Weight Training Parameters: Sets

The next thing to look at is the number of sets to complete per session. This is a much trickier one because it depends on so many other variables. An experienced athlete can do a lot more sets because their bodies have adapted further to the intensity and nature of the training.

An athlete who generally has more time to spend on recovery can do more sets. This includes athletes in the off-season, and athletes who can train for longer periods (if you can only train for 30 minutes you clearly can't do as many maximum intensity sets as someone who has 60 minutes to train).

The difficulty in prescribing weight training guidelines is that the number of reps and sets to complete per training session will vary from athlete to athlete. A program such as those created for our jump coaching customers that is tailored to the individual is going to produce much better results than one that is more generic such as all of the pre-written programs available online.

However, as a general guideline a weight training session should consist of anywhere between 5 and 25 sets across 2-4 different exercises. Also on this, the heavier the 1RM% you lift the less number of sets you will do.

Weight Training Parameters: Rest

Power training is incredibly taxing. Even though you are doing only a few reps per set, those reps are often done with a very heavy weight and at maximum intensity. You cannot sufficiently recover in 30 seconds and expect to effectively perform another quality set. Some commonly accepted rest guidelines are a minimum of 2-6 minutes rest between sets.

This high rest time is as mentioned above, a limiting factor in the number of sets you can do in a workout. Plenty of rest between sets is important however as it is the quality of the work, not the quantity that will generate the results. This quality of effort can only be achieved if you have sufficient rest.

On the other hand if you are using lighter weights with more explosive lifts you will be able to take shorter rest periods between sets (30 to 60 seconds).

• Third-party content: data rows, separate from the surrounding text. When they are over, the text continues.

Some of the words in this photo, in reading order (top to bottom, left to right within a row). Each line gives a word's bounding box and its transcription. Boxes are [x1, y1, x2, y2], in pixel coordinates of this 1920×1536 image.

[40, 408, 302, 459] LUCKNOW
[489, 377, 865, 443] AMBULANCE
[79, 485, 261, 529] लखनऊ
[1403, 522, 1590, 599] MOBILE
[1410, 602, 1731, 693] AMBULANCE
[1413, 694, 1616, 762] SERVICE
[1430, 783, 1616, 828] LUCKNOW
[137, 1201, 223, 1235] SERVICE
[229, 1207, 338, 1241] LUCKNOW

The other important aspect of rest is how many sessions per week should you train. Again there are many variables to consider such as the experience of the athlete, in season or off season, other commitments etc. Also, the more work you are doing per session the less sessions you should do.

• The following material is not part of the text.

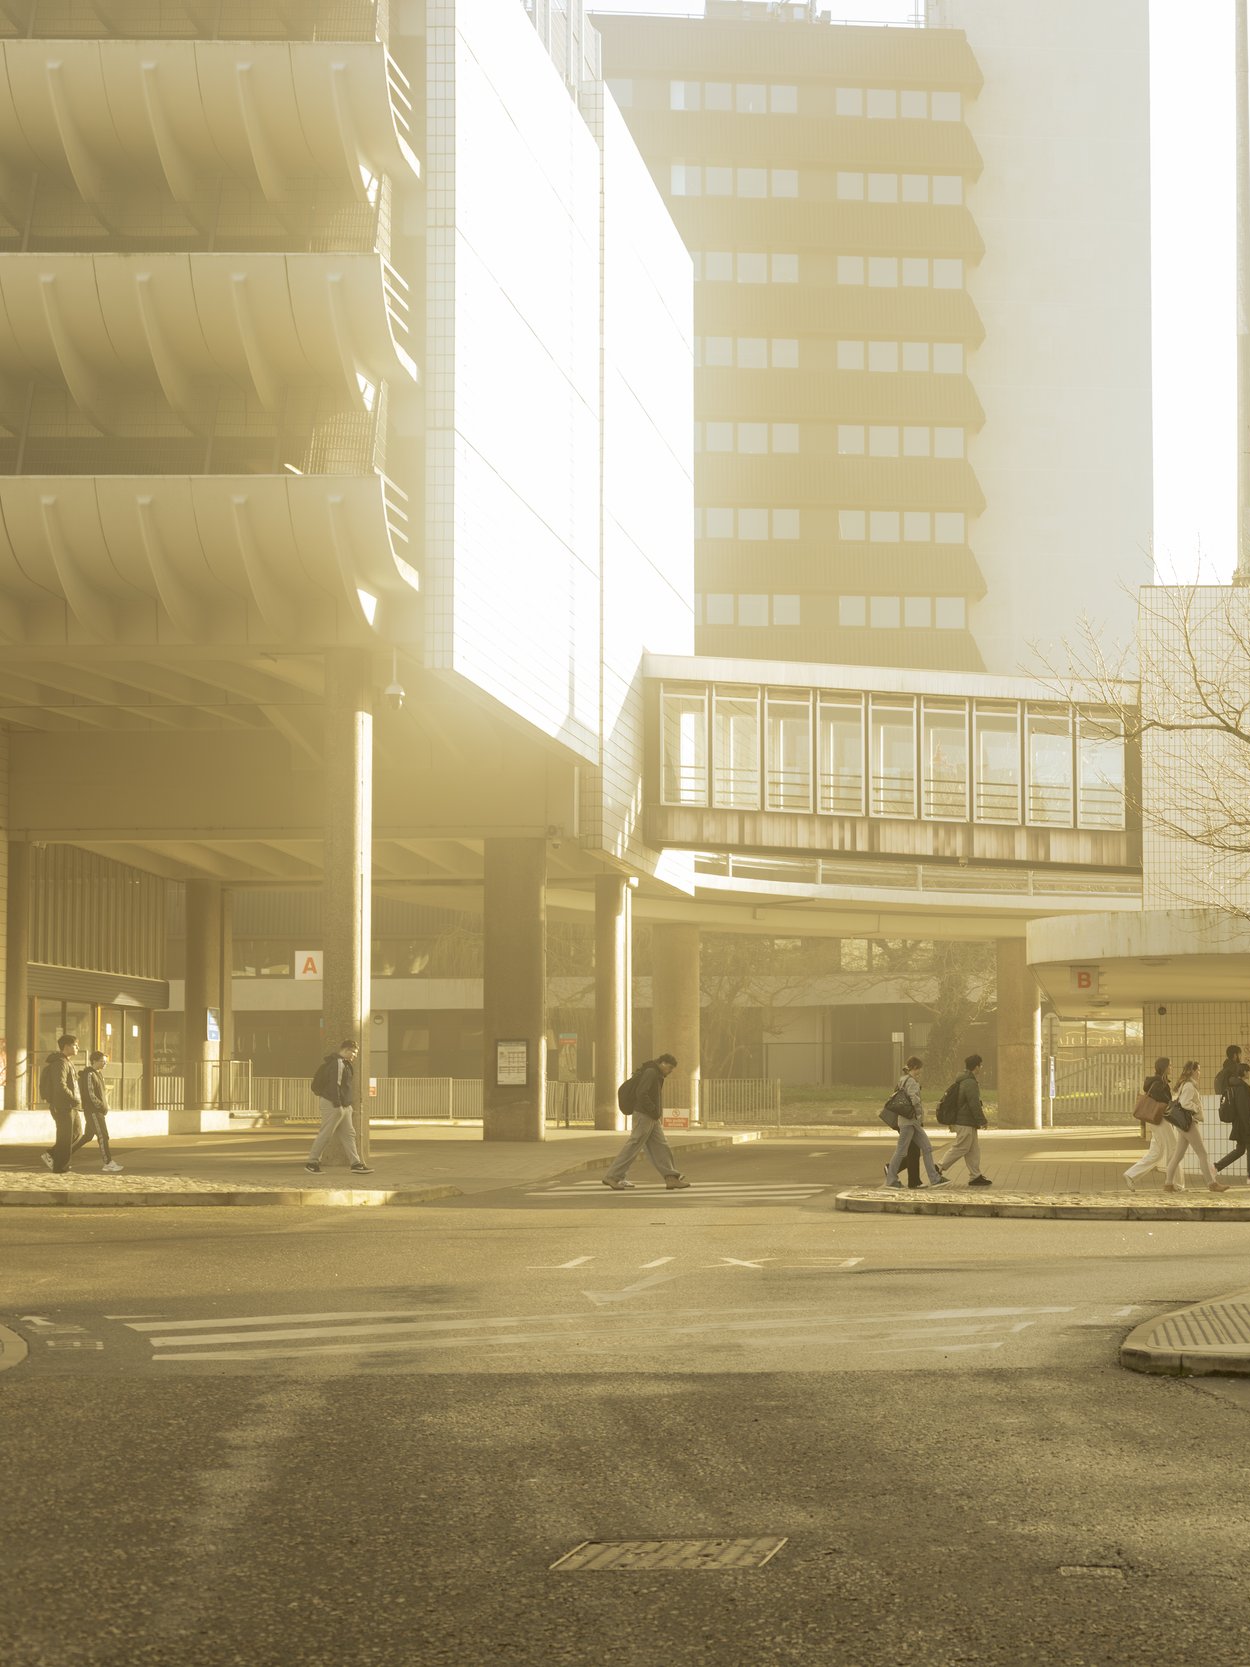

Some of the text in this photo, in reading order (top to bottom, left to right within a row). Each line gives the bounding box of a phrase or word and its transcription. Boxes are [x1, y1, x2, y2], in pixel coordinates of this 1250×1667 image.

[302, 957, 317, 974] A
[1077, 972, 1091, 988] B
[525, 1256, 865, 1270] EXIT

Some guidelines on number of sessions per week are that anywhere from 1 to 4 is ok depending on the abovevariables. An experienced athlete can do more, new trainers should do less. An off season athlete can do more, and in season athlete should do less. An Athlete doing shorter sessions can do more, whilst an athlete doing longer sessions should do less total number of workouts.

Weight Training Exercises For Vertical Jump Results

When choosing weighted exercises aimed at improving your vertical jump you should obviously be selecting those exercises that train the same muscles.

For jumping the main drivers are the muscles of the posterior chain being the glutes, hamstrings, and calves, as well as the hips and quads. The two best exercises in power training that really target these muscle groups are the squats and deadlifts.

There are other exercises that are also excellent including kettlebell swings (if you don't have kettlebells you can use Olympic plates with handles to similar effect), lunges and the various Olympic lifts (snatch, cleans and jerks), however for the purposes of pure strength development, the squat and deadlift are the kings.

It should be noted that the Olympic Lifts are also extremely effective. Unfortunately, their application to jump training is tempered by the need for specialized coaching and equipment to master the deceptively difficult lifts. For most people finding qualified coaches and gyms with the right equipment is not always that simple.

The squat and deadlift on the other hand are very easy to learn and quite straight forward to perform. Even relatively inexperienced athletes can quickly master the techniques and execute them safely.

In part two of our weight training section we will examine some of the different schools of though on how to best develop muscular power and examine how they relate to the improvement of your vertical jump.

In the meantime focus on the key principles for developing muscular power of lifting with maximum explosive effort for a low number of reps, get plenty of rest and recuperation, and most importantly, train safely.